これらのデータは、韓国でインフレ圧力が高止まりしているという市場の懸念をさらに強化した。一方で、韓国銀行は5月に政策金利を2.5%で据え置いたが、引き締めバイアスのシグナルを発した。今週初めに発表された議事要旨では、委員会内部でこのタカ派姿勢への支持が広がっていることが示された。
エネルギーショックが主要な原動力
Bloombergによれば、イランでの戦争がエネルギー価格を押し上げ、今回の生産者物価の加速上昇の重要な背景となっている。
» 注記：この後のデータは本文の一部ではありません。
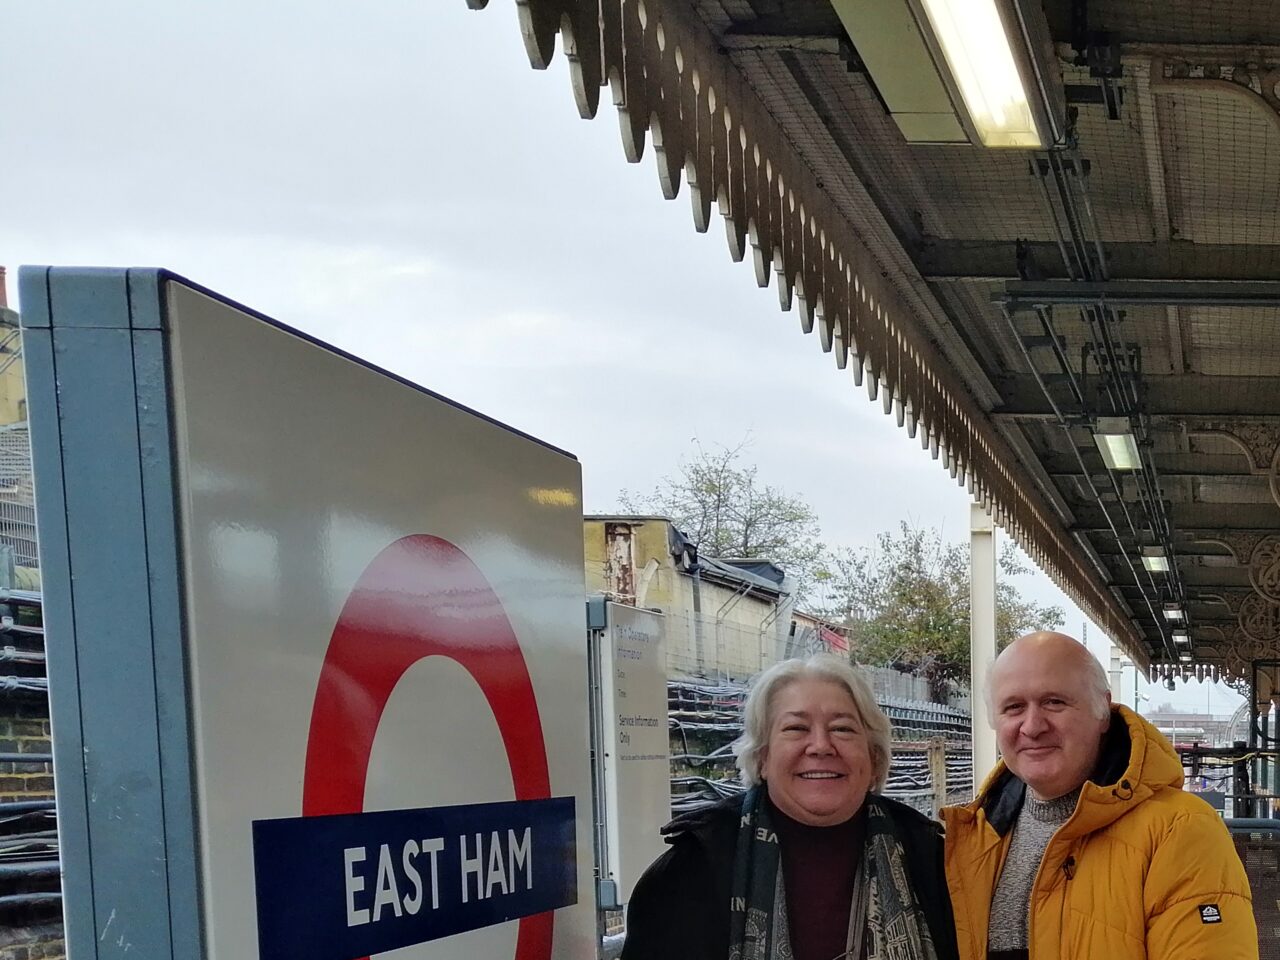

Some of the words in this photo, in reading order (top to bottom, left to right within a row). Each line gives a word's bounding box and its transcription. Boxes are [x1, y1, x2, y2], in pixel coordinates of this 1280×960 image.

[619, 714, 634, 727] Service
[635, 714, 659, 727] Information
[620, 731, 630, 746] Only
[343, 837, 445, 927] EAST
[459, 826, 533, 903] HAM
米イラン間の暫定和平合意がすでに有効になっているものの、原油価格は依然として相対的な高水準にあり、重要海上輸送路であるホルムズ海峡の物流量が正常化するには数か月、それ以上かかる見通しだ。
これはエネルギーコストが上流の生産価格に与える波及効果が短期的には解消しにくいことを意味し、石油および石炭製品価格の持続的な上昇が産業チェーン下流にも引き続き浸透するだろう。
半導体がテクノロジー製造価格上昇を牽引
テクノロジー製造分野において、コンピュータおよび電子製品の価格は前年同月比で約20%上昇し、韓国銀行はこれを半導体関連産業の持続的な好況によるものだと分析している。
この個別データは、テクノロジー製造業の価格圧力が単なるコスト要因によるものではなく、需要サイドの要素も無視できず、全体の生産者物価指数を追加的に支えていることを示している。
中央銀行のタカ派シグナルがより明確に
インフレ圧力と金融安定リスクが共存する状況下で、韓国銀行の政策姿勢は徐々にタカ派的へと傾いている。
5月の政策決定会合では現状維持となったものの、中央銀行は明確に引き締めのバイアスを示した。今週発表された議事録によって、委員会内部でその方針への支持がより広がったことが一層明確となった。
生産者物価の持続的な上昇は、通常数か月後に消費者物価へと波及する。もしこのルートが継続する場合、韓国銀行が今後利上げを行う根拠はさらに強くなり、投資家は今後のインフレデータおよび中央銀行の発言に注目する必要がある。